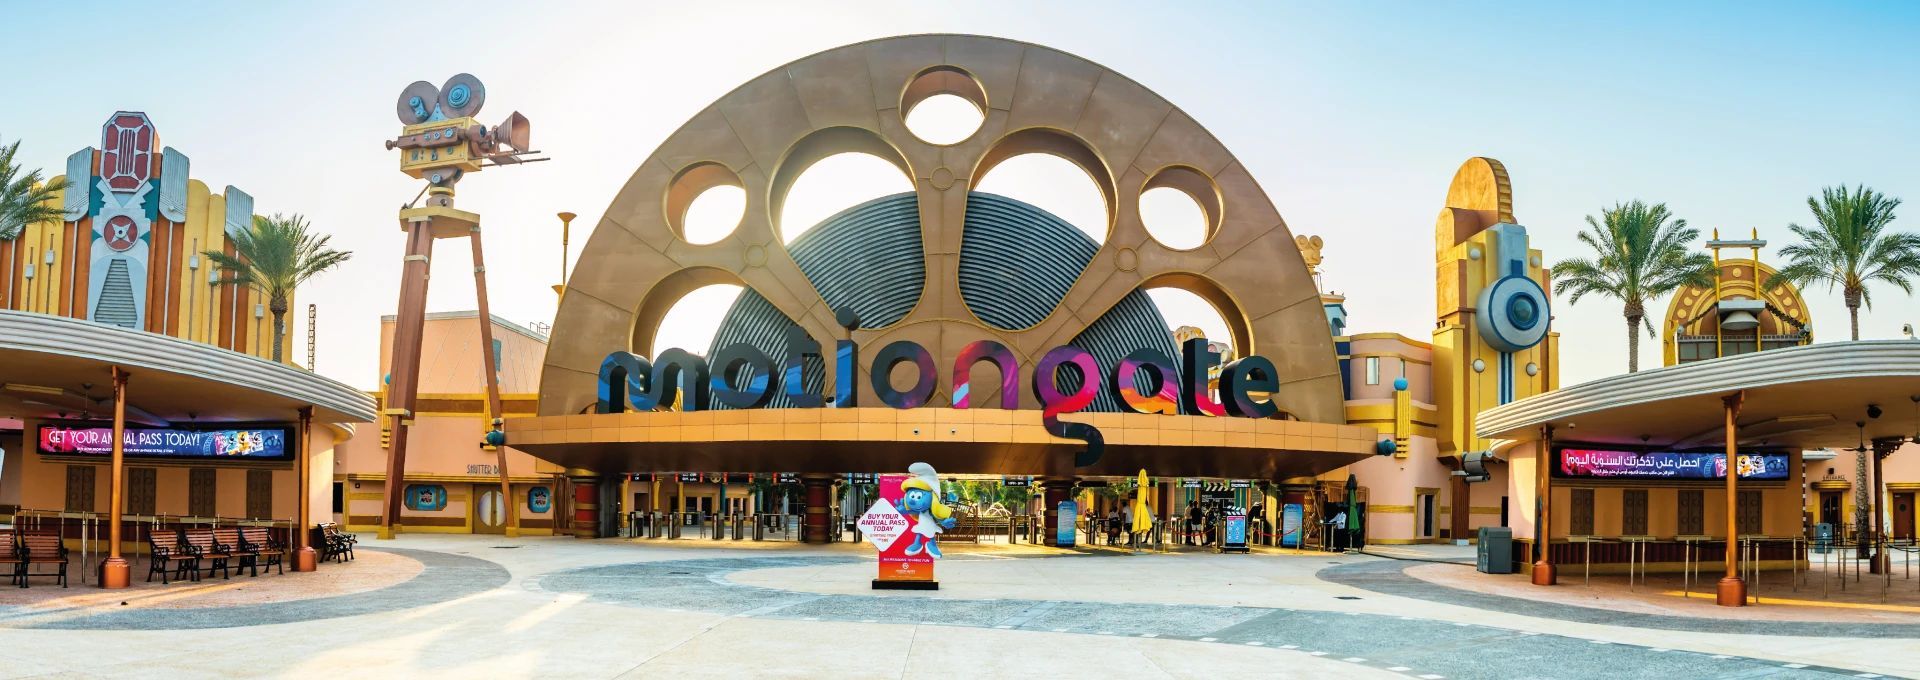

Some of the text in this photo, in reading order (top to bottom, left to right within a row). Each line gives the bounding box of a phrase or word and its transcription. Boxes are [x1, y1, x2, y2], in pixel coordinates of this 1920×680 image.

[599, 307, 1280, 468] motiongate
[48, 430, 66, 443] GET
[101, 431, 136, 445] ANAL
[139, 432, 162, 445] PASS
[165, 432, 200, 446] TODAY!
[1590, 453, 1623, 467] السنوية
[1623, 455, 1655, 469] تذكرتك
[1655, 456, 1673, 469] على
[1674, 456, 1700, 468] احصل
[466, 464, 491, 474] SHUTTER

= = = = = = =

Could every line above be set down exactly, with the pictures omitted?

Some of the text in this photo, in reading order (top to bottom, left to right within a row). Each line gives the bounding box of a phrase or word and its transcription. Boxes are [x1, y1, x2, y2], in pixel coordinates of this 1920×680 image.

[599, 307, 1280, 468] motiongate
[48, 430, 66, 443] GET
[101, 431, 136, 445] ANAL
[139, 432, 162, 445] PASS
[165, 432, 200, 446] TODAY!
[1590, 453, 1623, 467] السنوية
[1623, 455, 1655, 469] تذكرتك
[1655, 456, 1673, 469] على
[1674, 456, 1700, 468] احصل
[466, 464, 491, 474] SHUTTER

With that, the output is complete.